Em suma, a fala do representante do Instituto Votorantim impressionou tanto pela coerência geral da política de patrocínios do Grupo como pela clareza e pertinência do conceito norteador de seus investimentos em cultura. No entanto, o público não deixou passar um detalhe importante, que, aliás, talvez não seja um detalhe: o investimento social privado de uma empresa é apenas uma parte de sua atuação na sociedade, que não basta para que a empresa possa ser considerada ética e socialmente responsável. É preciso analisar, de forma ampla, a relação da empresa com todos os seus públicos de relacionamento. E aí a coisa pode ficar complicada para o Grupo Votorantim. Embora essa relatora não disponha de informações suficientes sobre a atuação global da Votorantim em relação a seus fornecedores, colaboradores, consumidores e vizinhos, e apesar de não poder emitir um julgamento a respeito, é importante registrar duas manifestações da plateia presente no evento, que colocaram em questão atitudes da empresa em relação às comunidades próximas a suas unidades.

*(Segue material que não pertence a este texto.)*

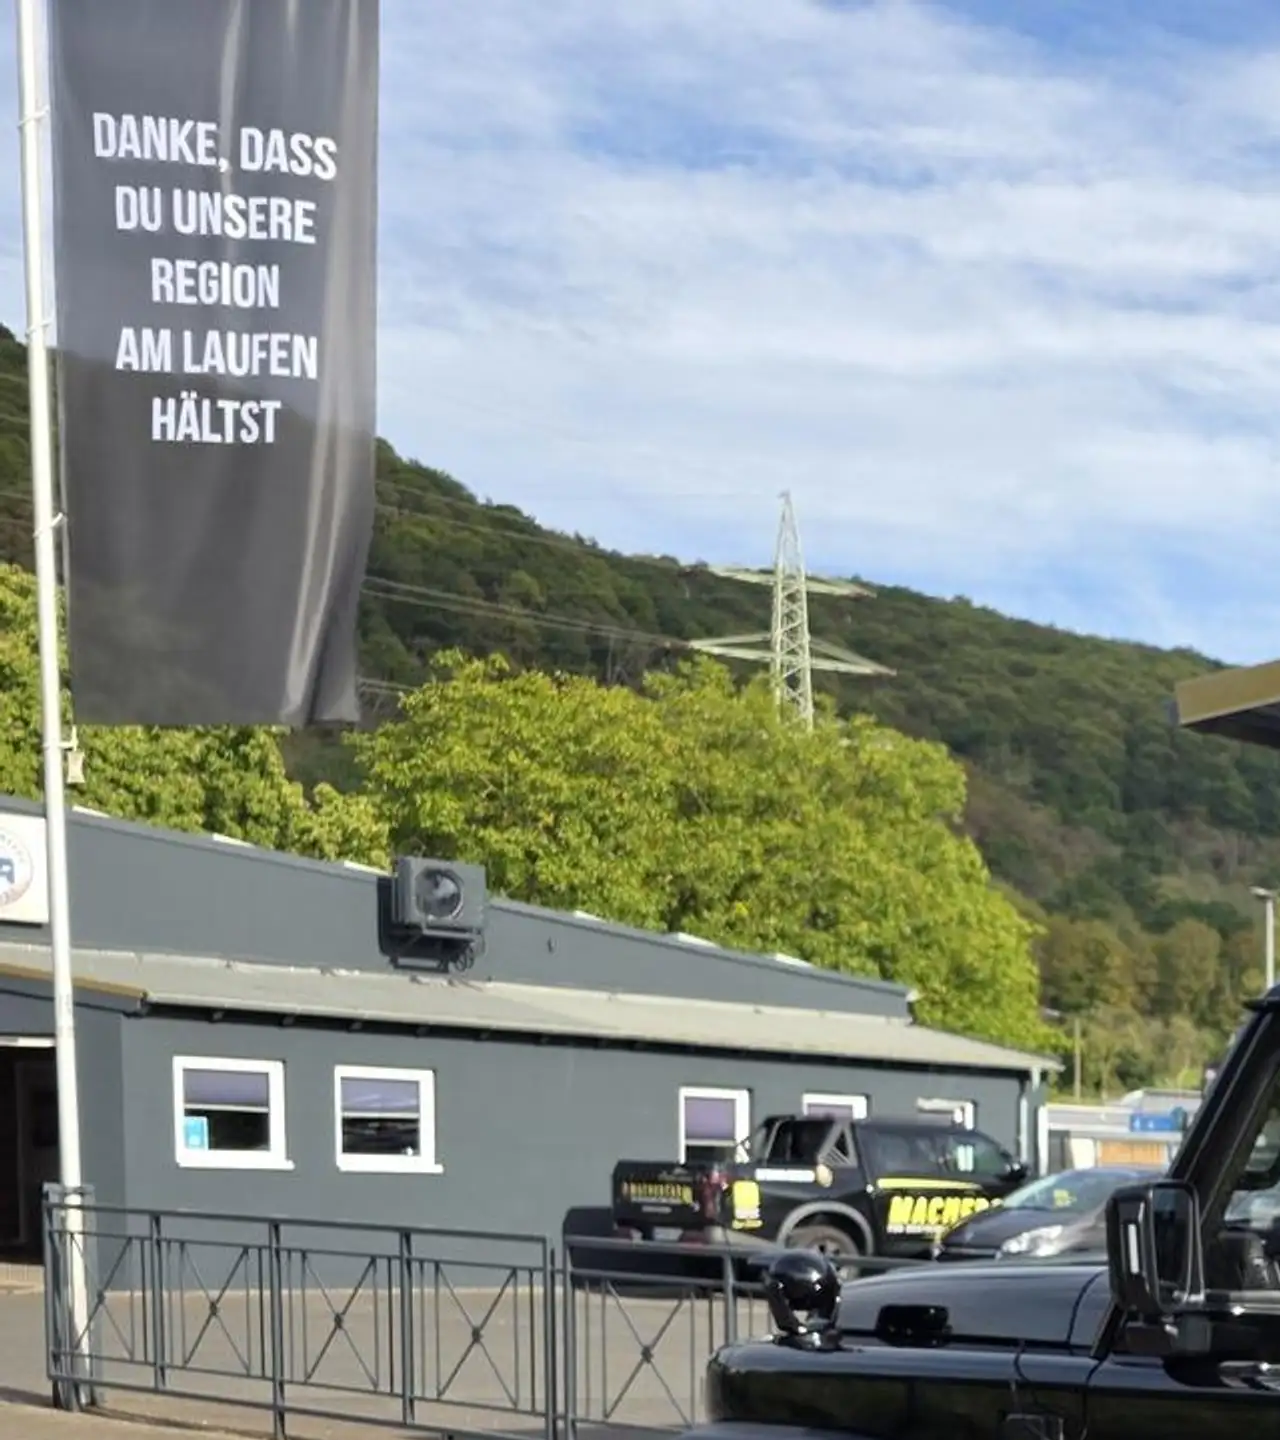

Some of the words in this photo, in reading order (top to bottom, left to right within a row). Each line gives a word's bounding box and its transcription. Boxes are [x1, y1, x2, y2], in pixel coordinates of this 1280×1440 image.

[93, 112, 231, 172] DANKE,
[240, 127, 337, 181] DASS
[115, 185, 162, 232] DU
[173, 189, 317, 245] UNSERE
[151, 258, 279, 308] REGION
[115, 327, 172, 373] AM
[183, 330, 318, 379] LAUFEN
[152, 391, 282, 444] HÄLTST

José, do Centro de Monitoramento Ambiental de Mogi das Cruzes, fez a seguinte pergunta: “Como o Grupo Votorantim olharia para si mesmo enquanto empresa que age sobre a natureza e que tem impacto sobre a transformação da paisagem?”. Ao que o palestrante respondeu: “Temos negócios industriais, de mineração etc. que têm alto impacto e transformam, de fato, as paisagens sociais, culturais e naturais. Tem sido o papel do Instituto Votorantim, dentro do Grupo, qualificar o debate sobre sustentabilidade e aumentar os canais de diálogo com as comunidades e demais partes interessadas. O grupo não nega, tem consciência de seu impacto e quer trabalhar para compensar os estragos inevitáveis e, ao mesmo tempo, gerar novos impactos positivos”. Obviamente, Rafael Gioielli evitou mencionar acidentes ambientais concretos, como aquele envolvendo a Votorantim Metais Zinco S/A, em Três Marias, Minas Gerais, no qual grande volume de resíduos tóxicos foi lançado nas águas do Rio São Francisco.

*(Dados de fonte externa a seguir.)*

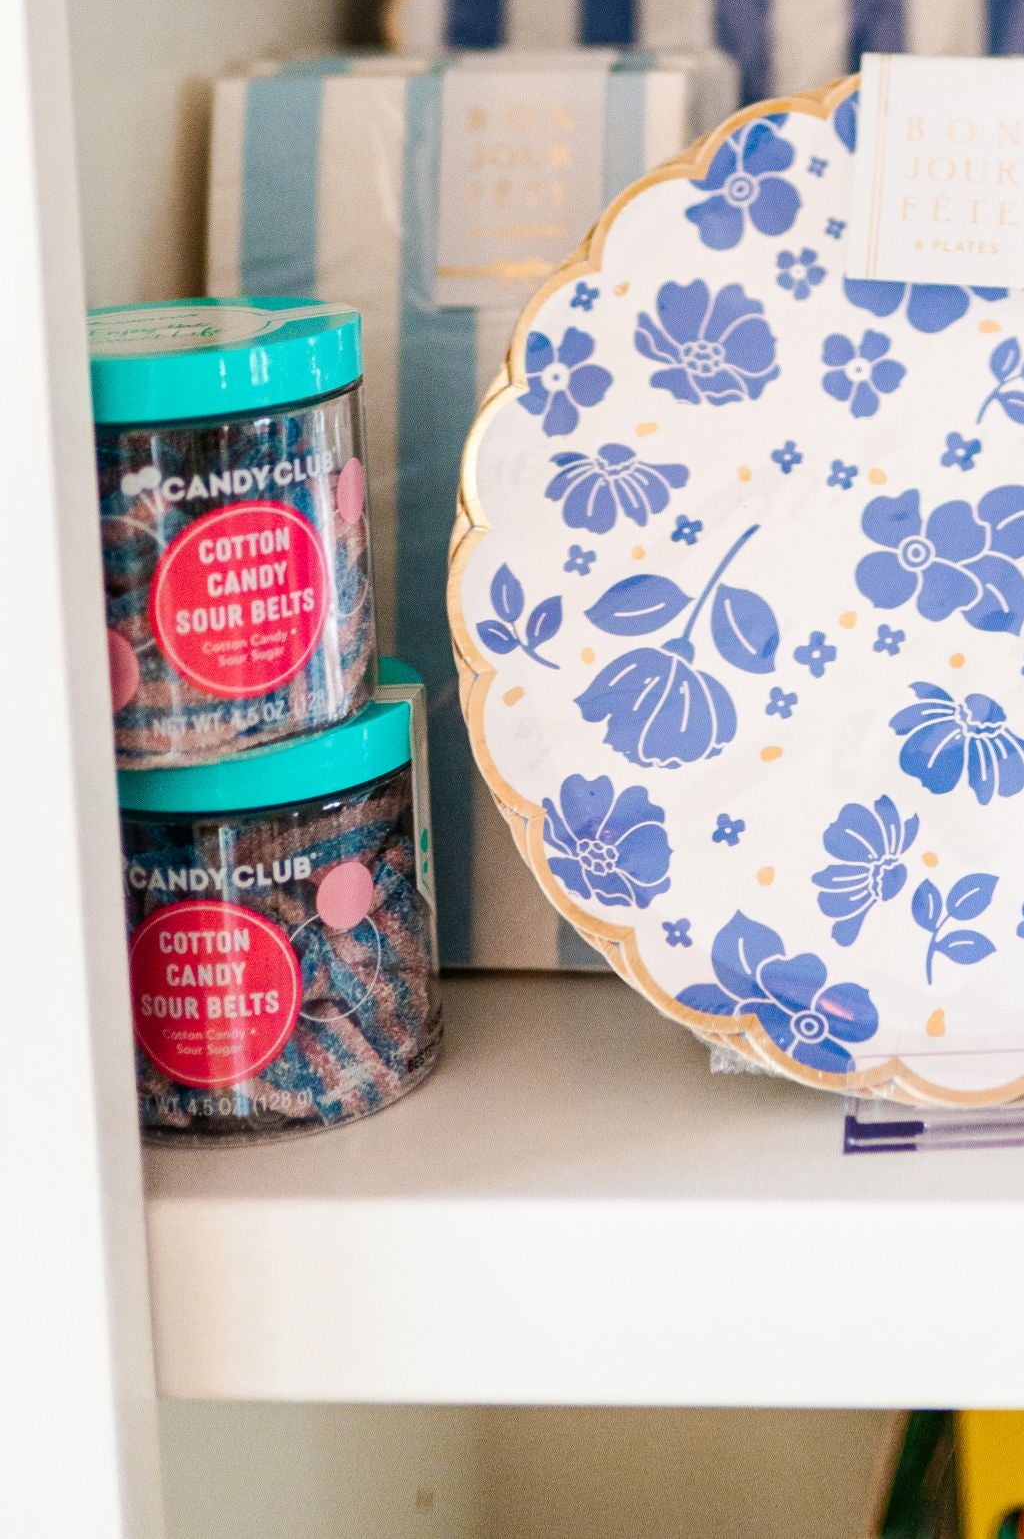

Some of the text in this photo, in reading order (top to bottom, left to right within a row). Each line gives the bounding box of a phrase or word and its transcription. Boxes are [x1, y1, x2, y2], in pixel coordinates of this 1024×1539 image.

[905, 115, 1022, 147] BON
[902, 155, 1019, 187] JOUR
[931, 239, 1000, 255] PLATES
[162, 450, 334, 502] CANDY CLUB
[199, 526, 290, 564] COTTON
[207, 560, 287, 597] CANDY
[176, 587, 315, 635] SOUR BELTS
[129, 855, 312, 891] CANDY CLUB
[159, 928, 250, 955] COTTON
[166, 962, 246, 988] CANDY
[140, 990, 280, 1020] SOUR BELTS
[187, 1098, 214, 1117] 4.5
[253, 1091, 292, 1117] (128

Mas sua resposta deixou claro que o patrocínio cultural é fundamental para limpar a imagem da empresa junto aos poderes públicos e consumidores. Em outras palavras, a atuação do Instituto Votorantim na área cultural pode funcionar como escudo, desviando a atenção da sociedade de problemas ambientais decorrentes dos impactos das atividades do Grupo.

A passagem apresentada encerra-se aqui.